Bagian 6

Màu nền
Font chữ
Font size
Chiều cao dòng

"Enggak, Bu. Aa lakuin ini bukan karena benci sama Bella. Aa pengen buat dia mikir, kalau dia dikasih kesempatan terus-menerus, yang ada dia bakal ngelakuin hal yang lebih parah daripada ini."

Euis sedaritadi terus menerus membujuk Saddam agar membiarkan Bella tinggal di sini setelah menikah.

Namun Saddam melarangnya. Dia masih bersikeras menolaknya. "Bella masih kecil, Dam."

"Kalau dia masih kecil, dia gak akan kayak gitu, Bu. Sekarang Aa tanya sama Ibu, Aa kurang apa sih ke Bella? Semua Aa kasih. Sekarang dia udah lakuin kesalahan fatal gini, mau tetep Ibu biarin? Mau tetep manjain dia?" tanya Saddam.

Saddam terkekeh pelan. "Aa cuman mau dia mikir, Bu. Ini juga buat dia, bukan buat Aa. Kalau dia terus bergantung ke Ibu sama ke Aa, gimana kalau suatu hari nanti kita udah gak ada?"

Saddam memilih keluar dari dalam kamarnya. Cowok itu berjalan ke kamar mandi untuk mencuci muka, kemudian ia melangkah ke arah ruang tamu. "Ayo pulang," ajaknya pada Dara.

Dara mengerutkan alisnya kala melihat Saddam yang menyelonong ke luar begitu saja.

Tak lama, Euis berjalan ke arah Dara dan menepuk pundak gadis itu. "Adam marah sama Ibu. Kamu turutin aja, ya. Dia kalau udah marah pasti gitu. Nanti juga baik sendiri kok."

"DARA! CEPETAN, DEH! LAMA LO!"

Teriakan Saddam di luar sana, sontak membuat Selly, dan Dara tersentak kaget. Namun, tidak dengan Euis. "Ibu gak papa, Dara. Ibu yang salah. Wajar Adam marah-marah. Mending kamu turutin, gih."

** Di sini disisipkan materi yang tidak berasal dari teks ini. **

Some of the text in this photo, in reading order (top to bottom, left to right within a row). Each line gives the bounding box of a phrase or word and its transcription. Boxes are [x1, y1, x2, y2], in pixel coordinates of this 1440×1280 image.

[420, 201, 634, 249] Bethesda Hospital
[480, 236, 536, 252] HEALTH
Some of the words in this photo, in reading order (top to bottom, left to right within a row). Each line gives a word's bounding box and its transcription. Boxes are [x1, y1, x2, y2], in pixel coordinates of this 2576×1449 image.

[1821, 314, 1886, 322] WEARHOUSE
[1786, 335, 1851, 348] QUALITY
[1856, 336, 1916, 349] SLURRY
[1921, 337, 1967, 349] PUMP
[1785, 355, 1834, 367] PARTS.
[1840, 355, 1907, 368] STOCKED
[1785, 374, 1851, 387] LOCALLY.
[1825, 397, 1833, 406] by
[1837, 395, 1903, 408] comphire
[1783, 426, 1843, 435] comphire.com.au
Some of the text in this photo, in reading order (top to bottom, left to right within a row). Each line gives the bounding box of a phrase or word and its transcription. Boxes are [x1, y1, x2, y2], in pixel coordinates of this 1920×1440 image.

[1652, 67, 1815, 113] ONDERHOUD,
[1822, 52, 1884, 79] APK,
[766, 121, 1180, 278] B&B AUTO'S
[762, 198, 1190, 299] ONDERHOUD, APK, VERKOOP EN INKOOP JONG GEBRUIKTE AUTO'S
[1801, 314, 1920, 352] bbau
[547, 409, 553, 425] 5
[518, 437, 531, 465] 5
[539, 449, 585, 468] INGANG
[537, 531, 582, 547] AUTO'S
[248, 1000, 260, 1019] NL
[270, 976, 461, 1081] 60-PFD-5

Dara mengangguk. Gadis itu akhirnya memilih mencium punggung tangan Euis. "Dara pamit ya, Bu."

"Hati-hati." Euis mengelus puncak kepala Dara.

Kemudian, Selly mencium punggung tangan Dara. Sampai akhirnya, gadis itu memilih berjalan keluar dan menemui Saddam yang sudah berada di dalam mobil.

Dara masuk. Gadis itu menatap ke arah Saddam yang tengah mencengkeram stir. "Kita langsung pulang."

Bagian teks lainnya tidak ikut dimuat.